EXERCISE DIRECTIONS —
Write out the lines below once more, exactly as they appear. Do not include pictures.

═══ DATA SUPPLIED

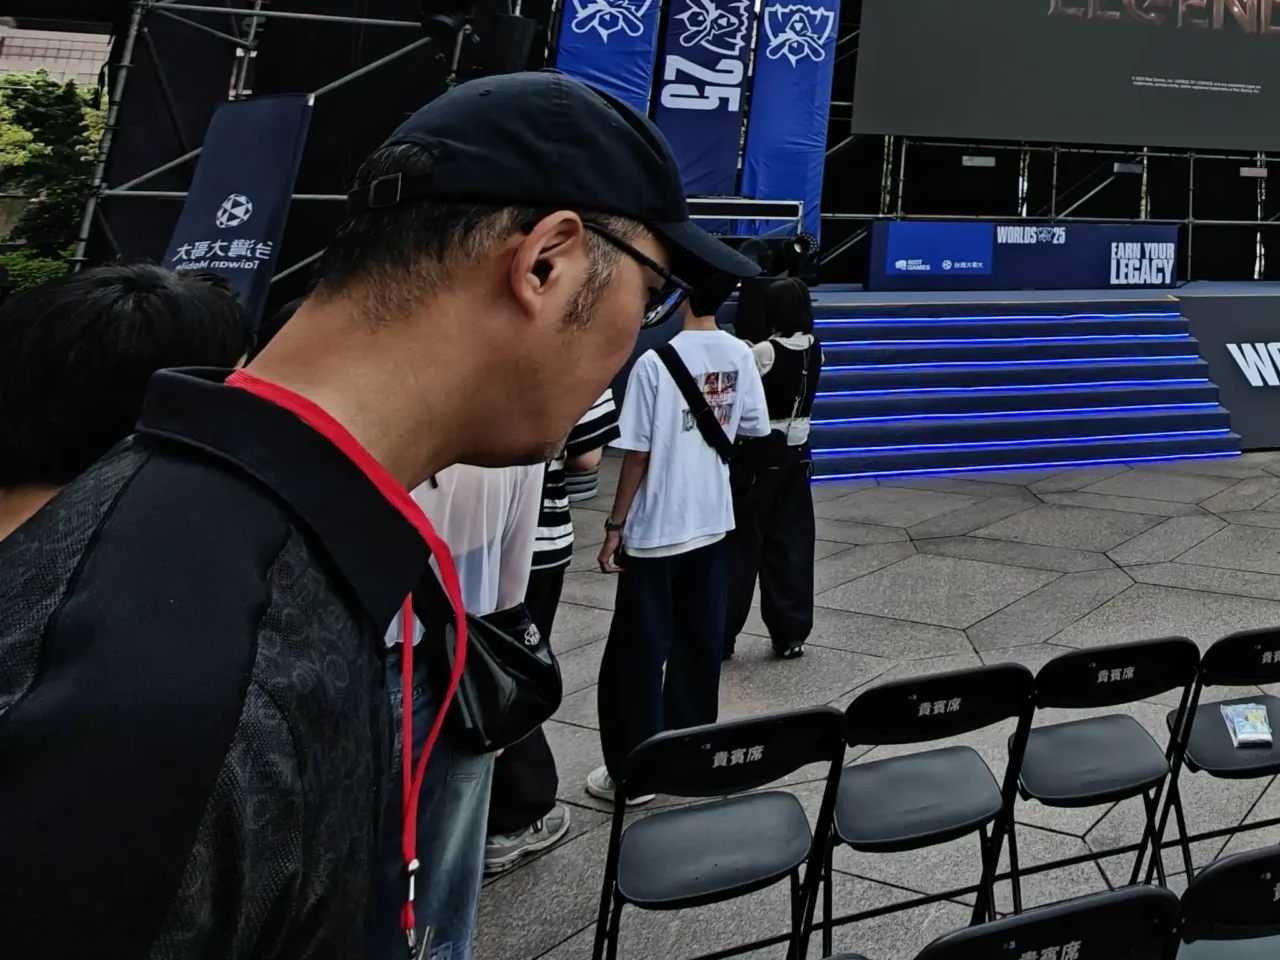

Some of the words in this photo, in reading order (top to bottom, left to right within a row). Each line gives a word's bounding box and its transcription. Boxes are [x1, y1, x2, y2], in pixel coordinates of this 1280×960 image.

[660, 55, 744, 112] 25
[997, 226, 1037, 244] WORLDS
[1052, 227, 1066, 244] 25
[1111, 242, 1142, 259] EARN
[1144, 242, 1175, 259] YOUR
[1110, 259, 1173, 285] LEGACY
[918, 697, 962, 717] 貴賓席
[712, 745, 764, 768] 貴賓席
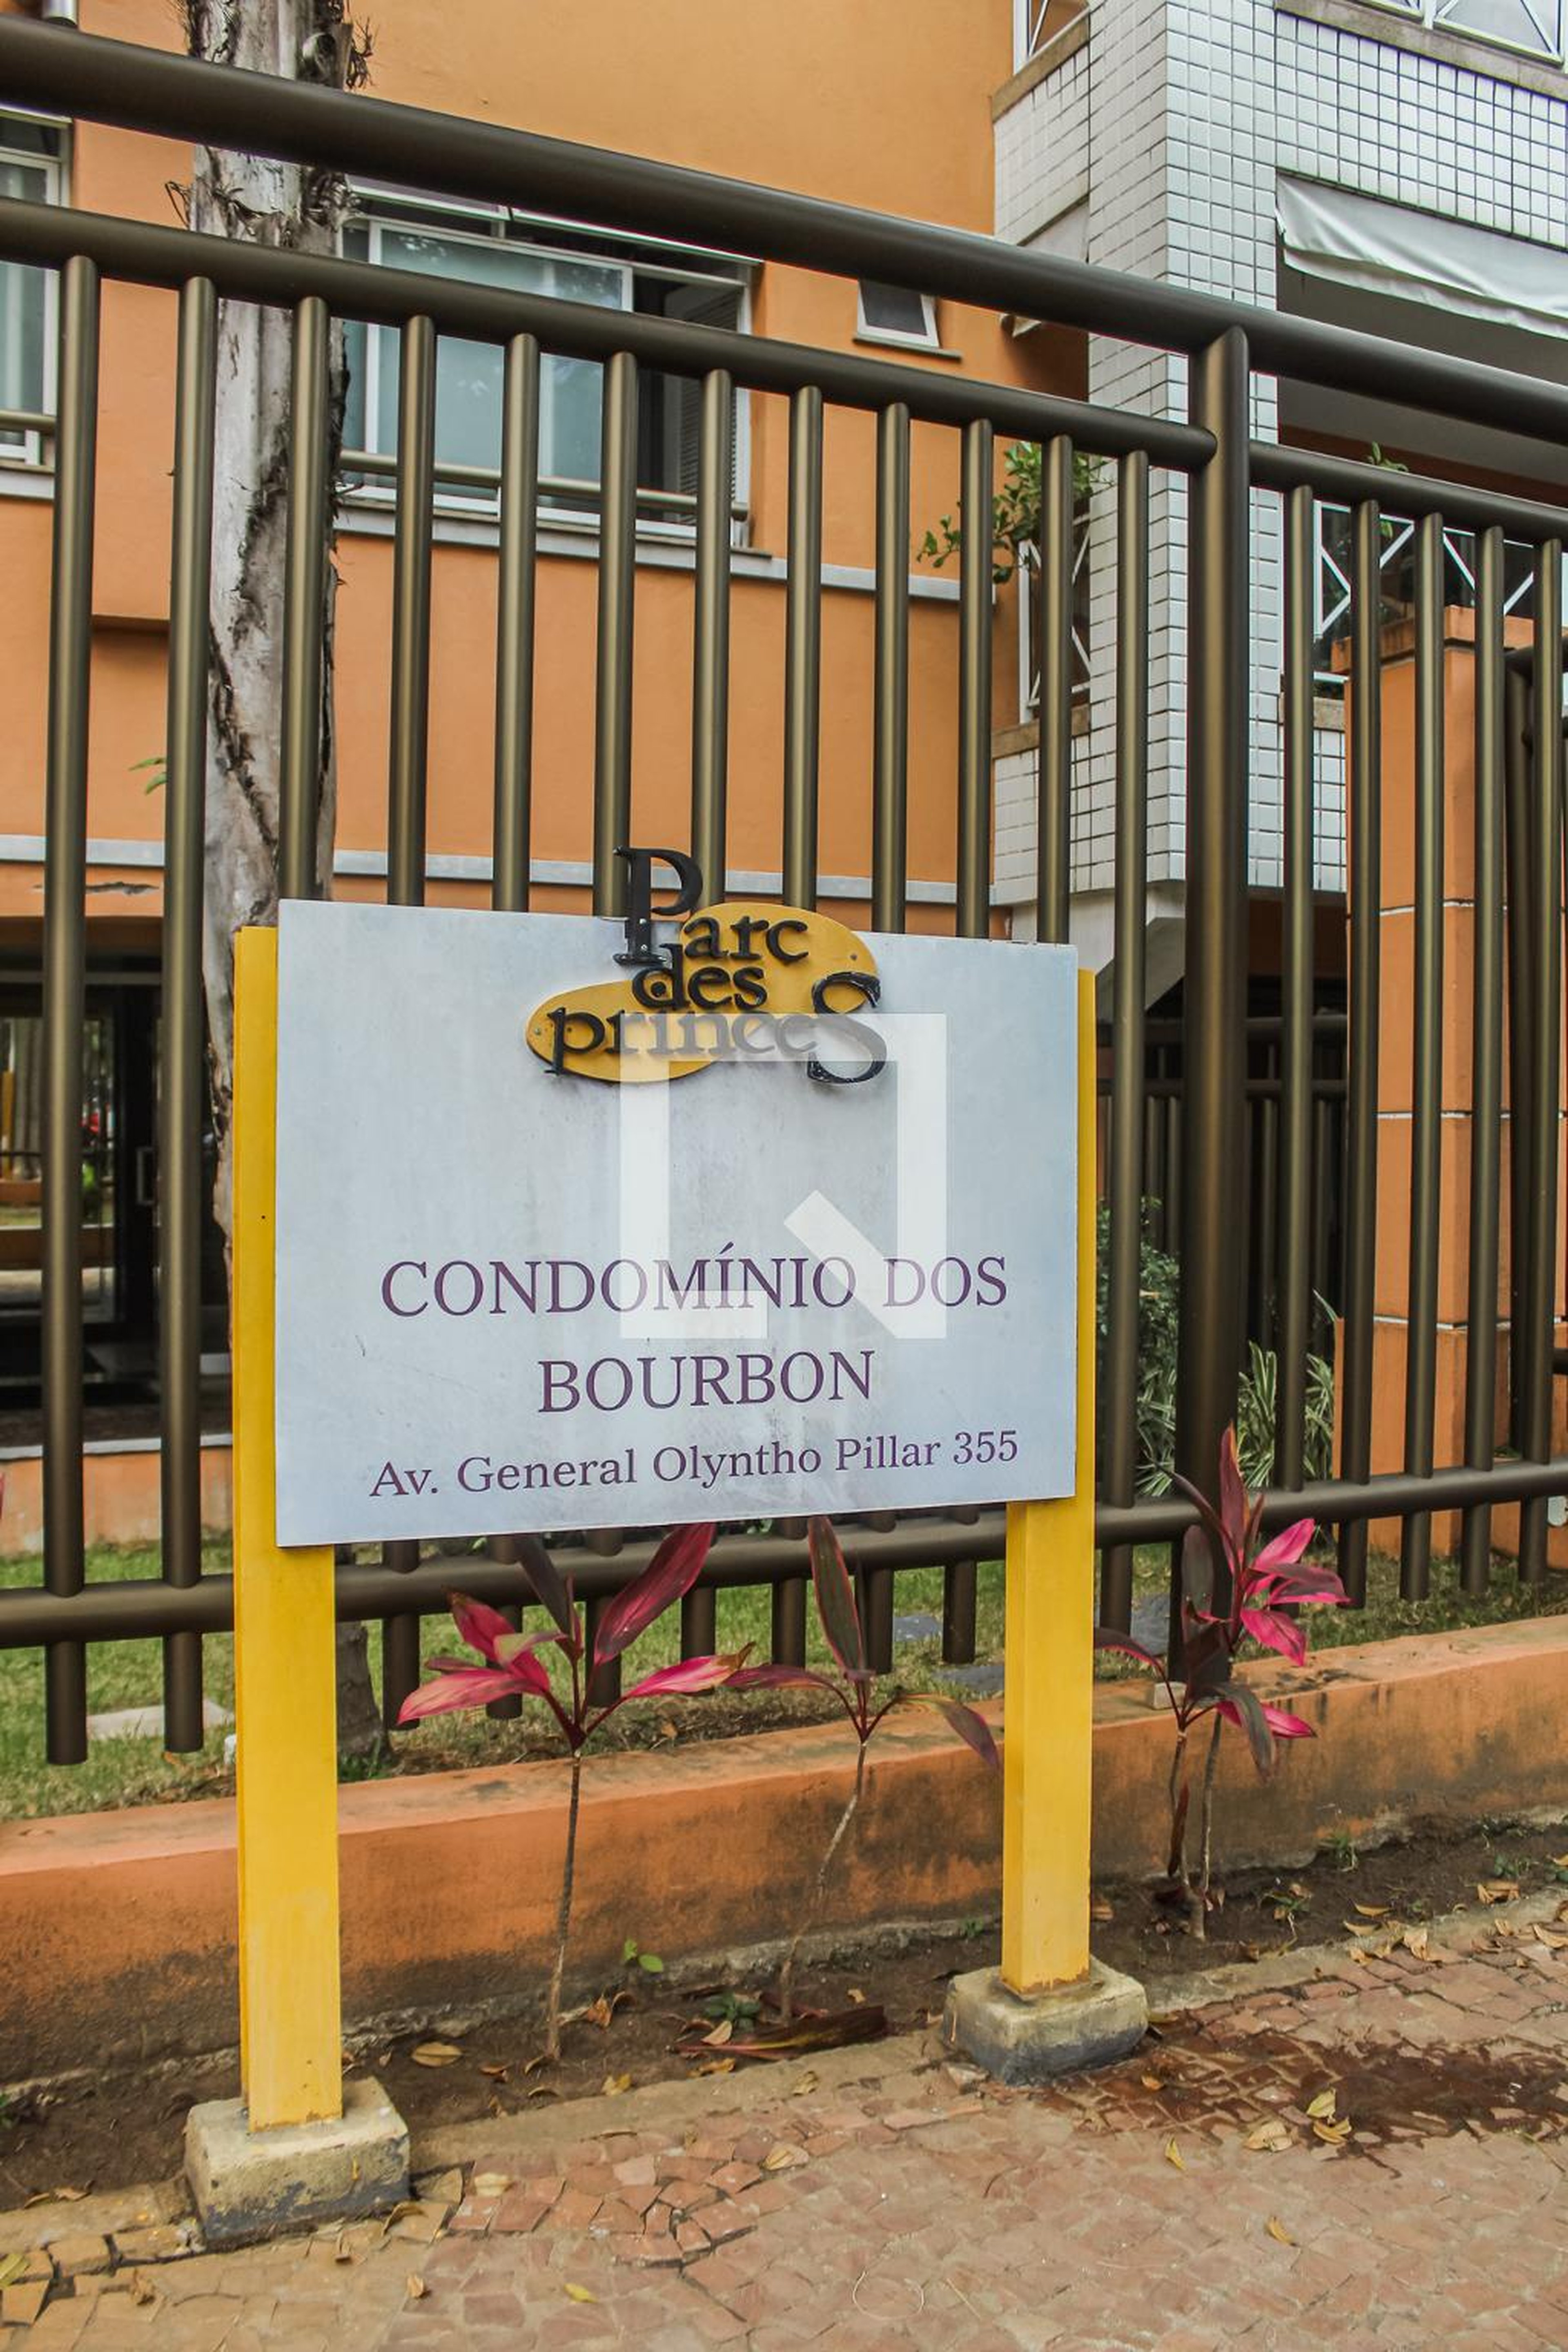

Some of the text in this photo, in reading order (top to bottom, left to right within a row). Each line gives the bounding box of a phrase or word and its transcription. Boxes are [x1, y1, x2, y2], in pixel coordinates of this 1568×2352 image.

[612, 845, 809, 966] Parc
[632, 942, 768, 1011] des
[381, 1243, 1007, 1317] CONDOMÍNIO DOS
[538, 1350, 875, 1413] BOURBON
[369, 1430, 1018, 1497] Av. General Olyntho Pillar 355
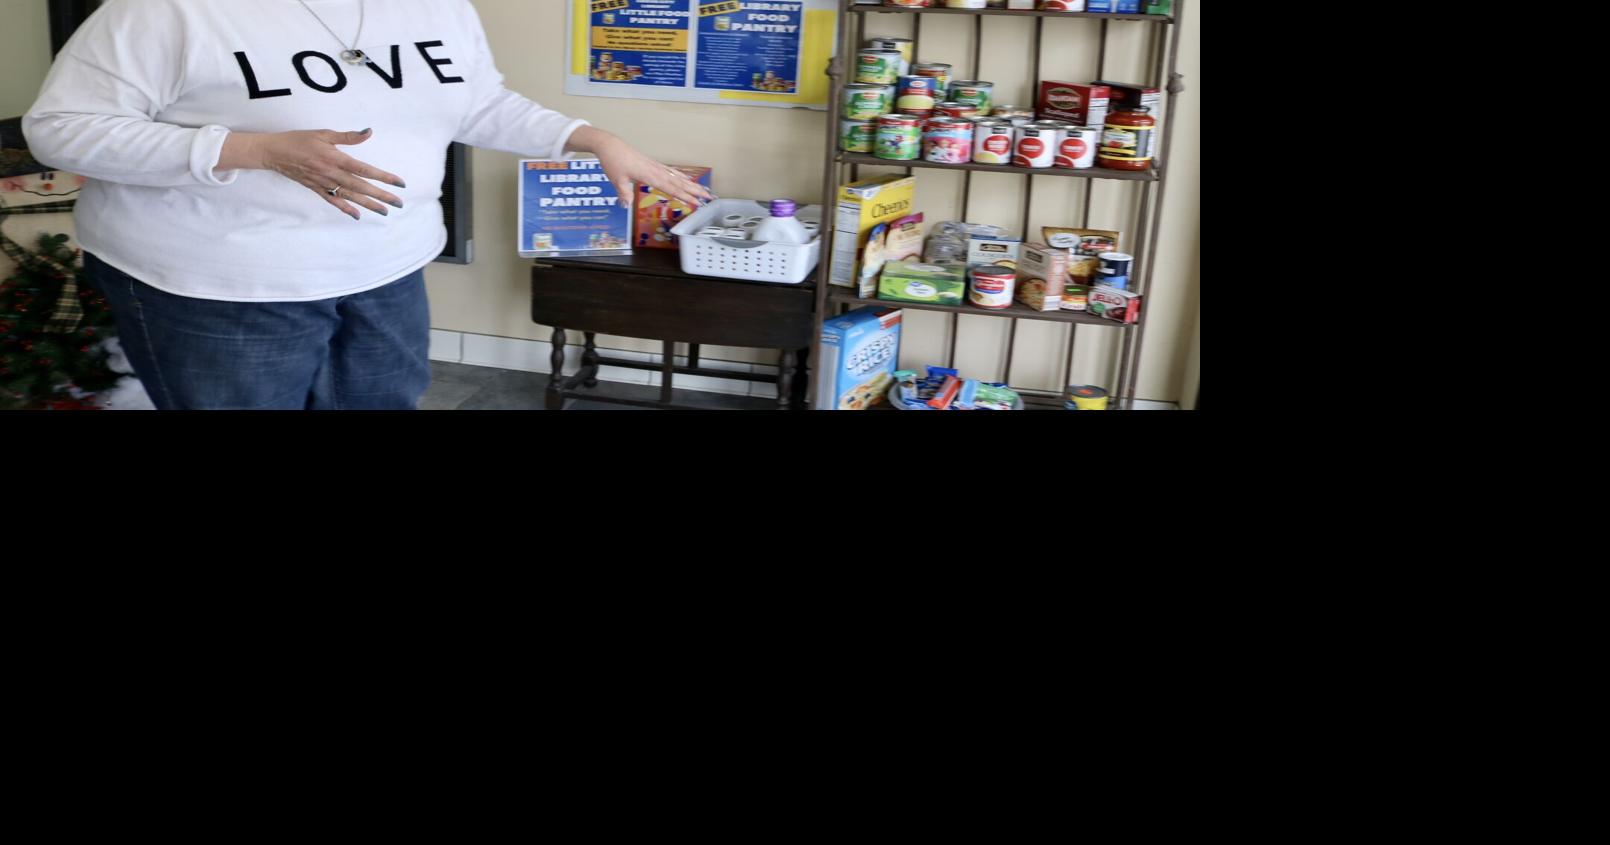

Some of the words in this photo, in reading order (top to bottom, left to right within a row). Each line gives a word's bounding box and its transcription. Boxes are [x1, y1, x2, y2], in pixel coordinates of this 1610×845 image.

[699, 2, 737, 15] FREE
[740, 3, 800, 11] LIBRARY
[629, 17, 679, 25] PANTRY
[747, 13, 790, 22] FOOD
[731, 22, 798, 33] PANTRY
[233, 40, 464, 99] LOVE
[527, 162, 568, 171] FREE
[551, 186, 602, 196] FOOD
[540, 197, 619, 207] PANTRY
[856, 346, 893, 377] RICE
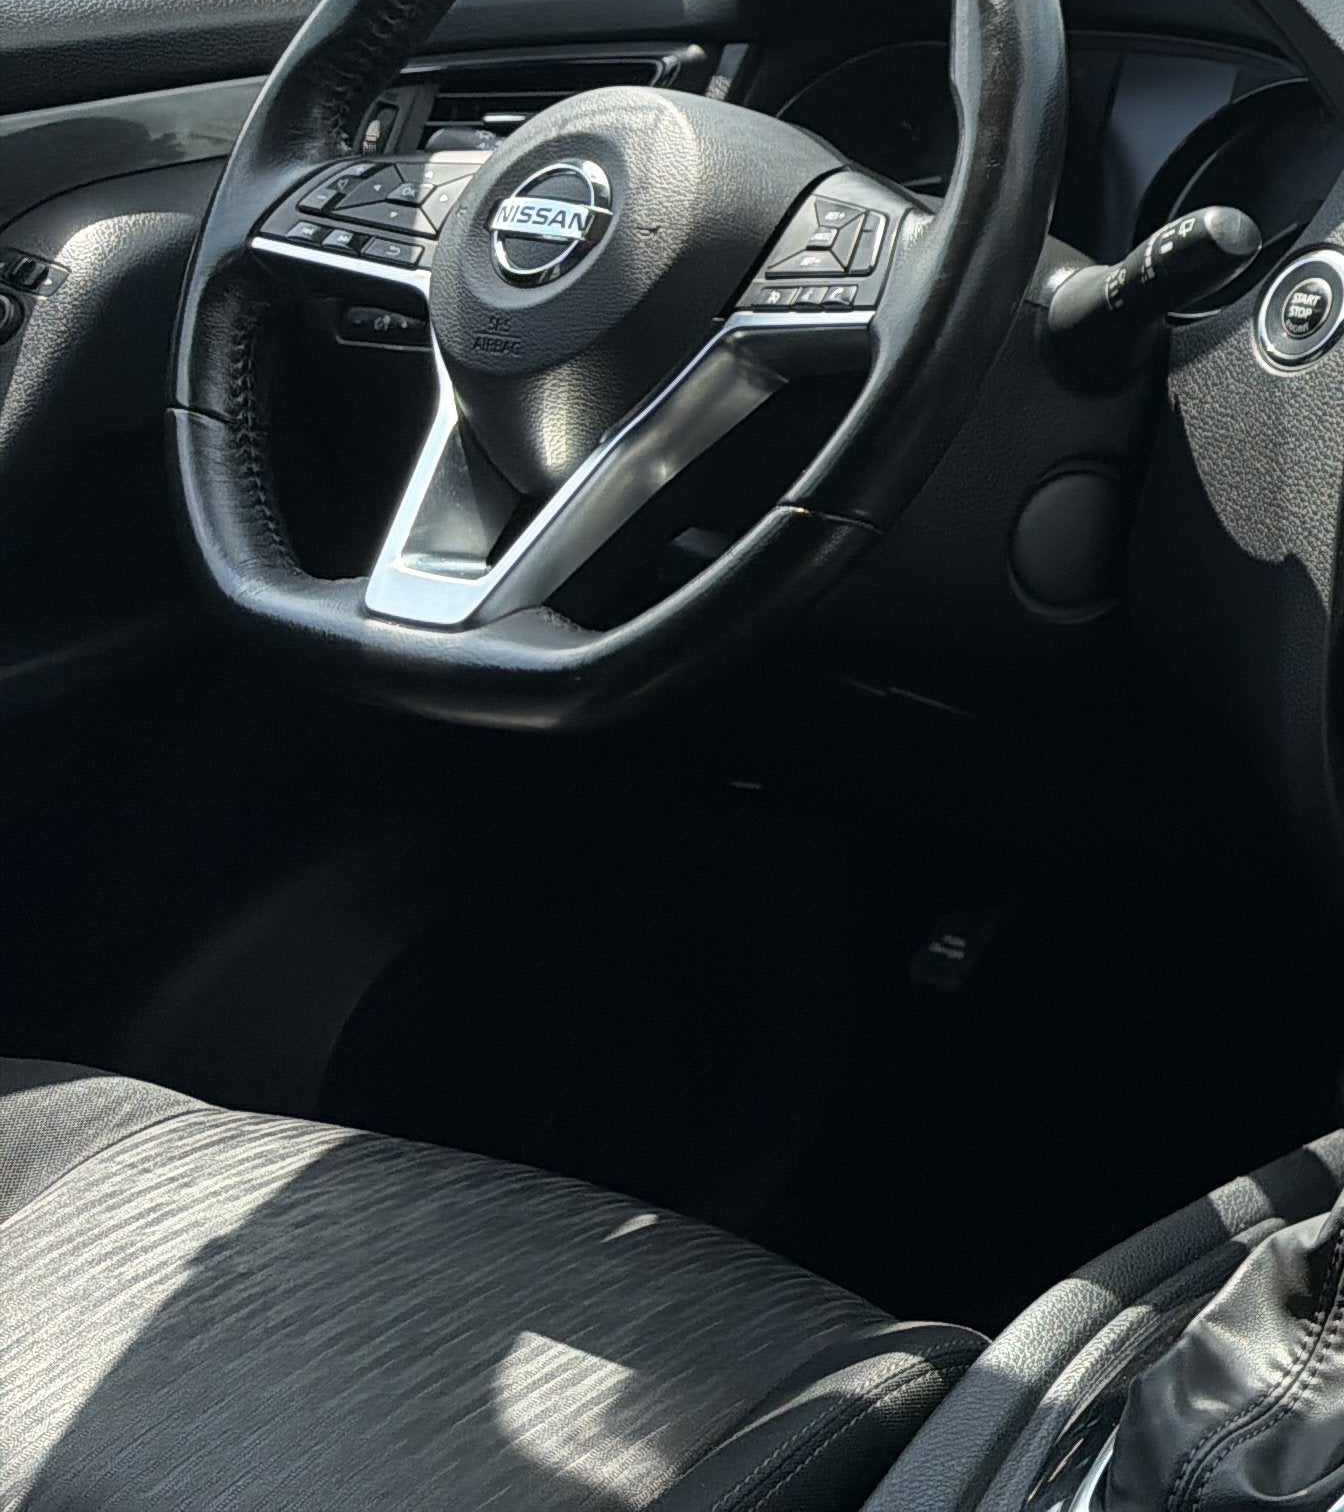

══════

RESULT OF THIS TASK —
Some of the words in this photo, in reading order (top to bottom, left to right within a row). Each line gives a word's bounding box and its transcription. Boxes are [x1, y1, x2, y2], in pixel coordinates of this 1280×960 image.

[660, 55, 744, 112] 25
[997, 226, 1037, 244] WORLDS
[1052, 227, 1066, 244] 25
[1111, 242, 1142, 259] EARN
[1144, 242, 1175, 259] YOUR
[1110, 259, 1173, 285] LEGACY
[918, 697, 962, 717] 貴賓席
[712, 745, 764, 768] 貴賓席

Some of the text in this photo, in reading order (top to bottom, left to right within a row). Each line gives the bounding box of a phrase or word and its transcription. Boxes are [x1, y1, x2, y2], in pixel coordinates of this 1568×2352 image.

[612, 845, 809, 966] Parc
[632, 942, 768, 1011] des
[381, 1243, 1007, 1317] CONDOMÍNIO DOS
[538, 1350, 875, 1413] BOURBON
[369, 1430, 1018, 1497] Av. General Olyntho Pillar 355

Some of the words in this photo, in reading order (top to bottom, left to right within a row). Each line gives a word's bounding box and its transcription. Boxes are [x1, y1, x2, y2], in pixel coordinates of this 1610×845 image.

[699, 2, 737, 15] FREE
[740, 3, 800, 11] LIBRARY
[629, 17, 679, 25] PANTRY
[747, 13, 790, 22] FOOD
[731, 22, 798, 33] PANTRY
[233, 40, 464, 99] LOVE
[527, 162, 568, 171] FREE
[551, 186, 602, 196] FOOD
[540, 197, 619, 207] PANTRY
[856, 346, 893, 377] RICE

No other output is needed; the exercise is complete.